Write out exactly the lines below that run from the line containing "this 1344×1512 image." through the last line of the records.

DATASET CONTENT:
>>

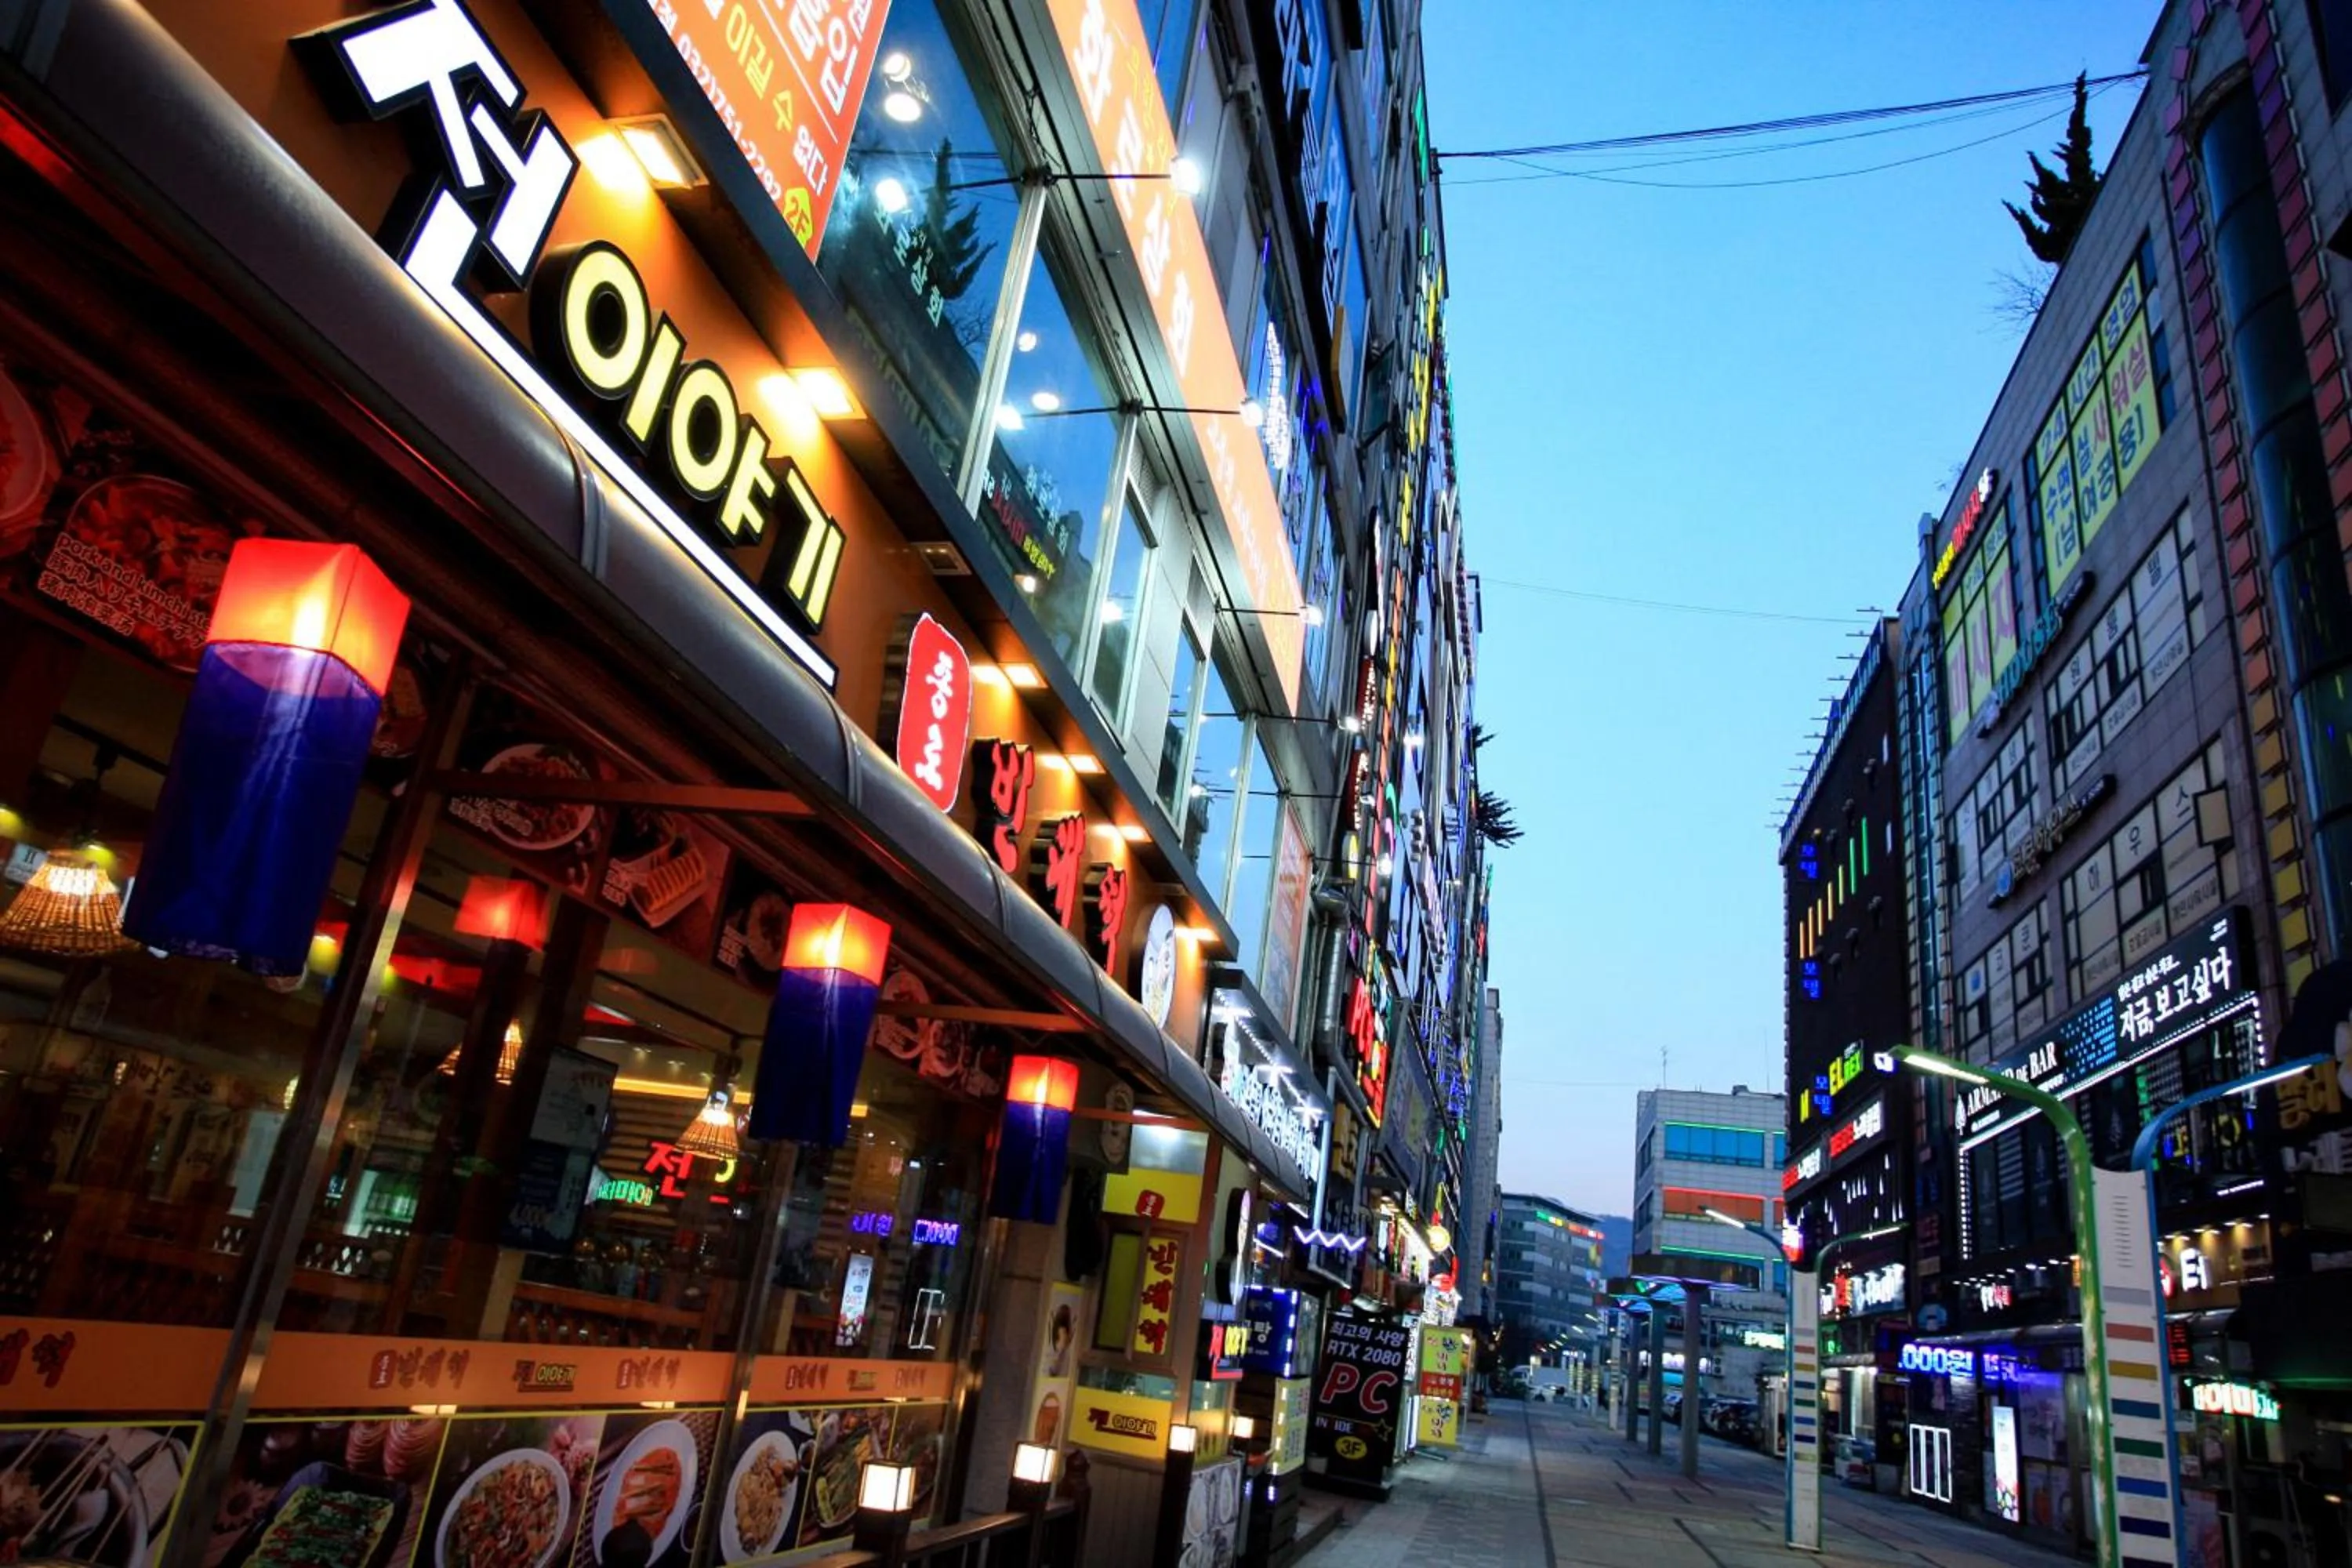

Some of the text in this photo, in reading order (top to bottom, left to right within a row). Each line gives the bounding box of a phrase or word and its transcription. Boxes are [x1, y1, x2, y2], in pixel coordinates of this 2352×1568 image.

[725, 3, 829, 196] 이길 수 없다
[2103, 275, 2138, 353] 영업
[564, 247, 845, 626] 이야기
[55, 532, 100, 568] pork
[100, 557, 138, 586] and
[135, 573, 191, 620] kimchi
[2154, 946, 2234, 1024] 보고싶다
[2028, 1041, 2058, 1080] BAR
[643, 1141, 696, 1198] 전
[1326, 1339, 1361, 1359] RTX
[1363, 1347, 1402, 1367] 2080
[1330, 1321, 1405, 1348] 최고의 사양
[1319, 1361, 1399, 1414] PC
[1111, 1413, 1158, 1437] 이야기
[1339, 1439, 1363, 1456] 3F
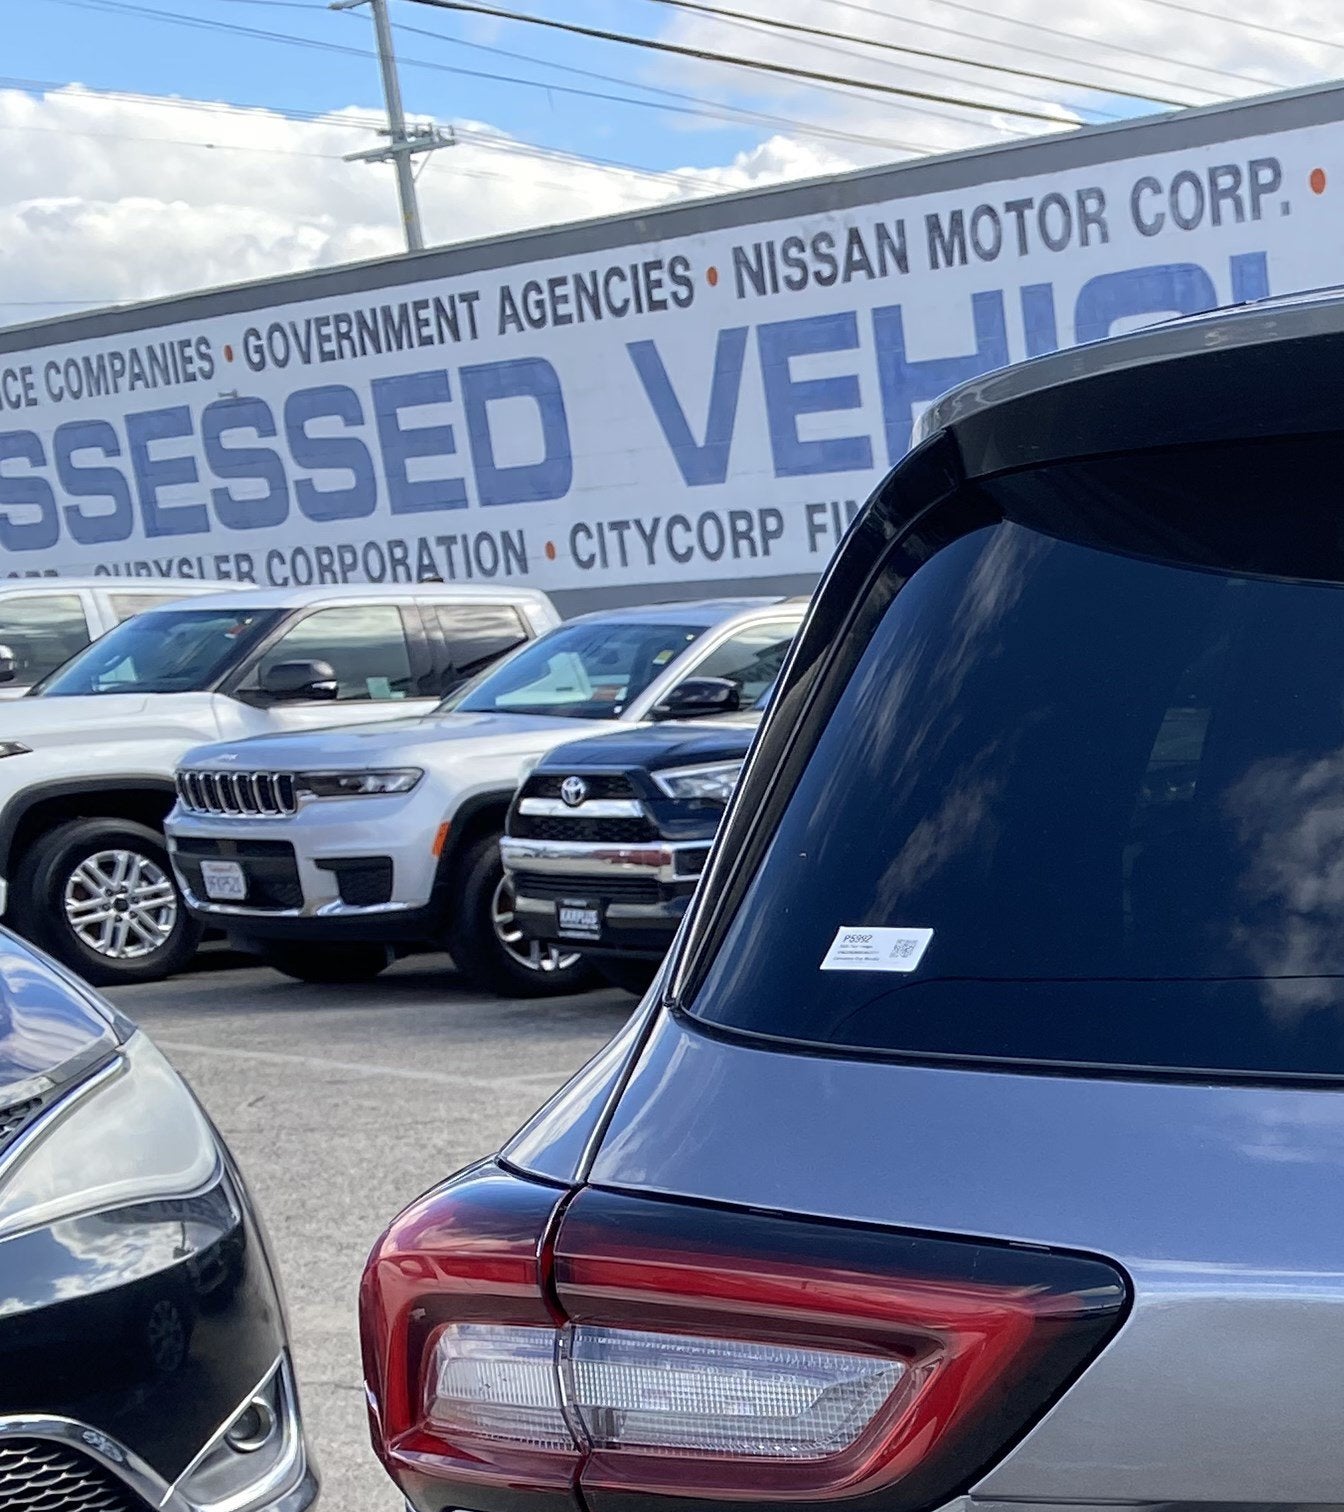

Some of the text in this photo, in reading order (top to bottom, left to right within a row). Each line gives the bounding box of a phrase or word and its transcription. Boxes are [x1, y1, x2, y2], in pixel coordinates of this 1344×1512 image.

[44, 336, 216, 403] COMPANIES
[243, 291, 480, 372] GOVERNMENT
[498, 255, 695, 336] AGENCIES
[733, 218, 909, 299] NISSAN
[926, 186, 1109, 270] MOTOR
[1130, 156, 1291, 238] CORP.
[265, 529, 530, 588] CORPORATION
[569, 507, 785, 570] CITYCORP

<<

OUTPUT:
Some of the text in this photo, in reading order (top to bottom, left to right within a row). Each line gives the bounding box of a phrase or word and its transcription. Boxes are [x1, y1, x2, y2], in pixel coordinates of this 1344×1512 image.

[44, 336, 216, 403] COMPANIES
[243, 291, 480, 372] GOVERNMENT
[498, 255, 695, 336] AGENCIES
[733, 218, 909, 299] NISSAN
[926, 186, 1109, 270] MOTOR
[1130, 156, 1291, 238] CORP.
[265, 529, 530, 588] CORPORATION
[569, 507, 785, 570] CITYCORP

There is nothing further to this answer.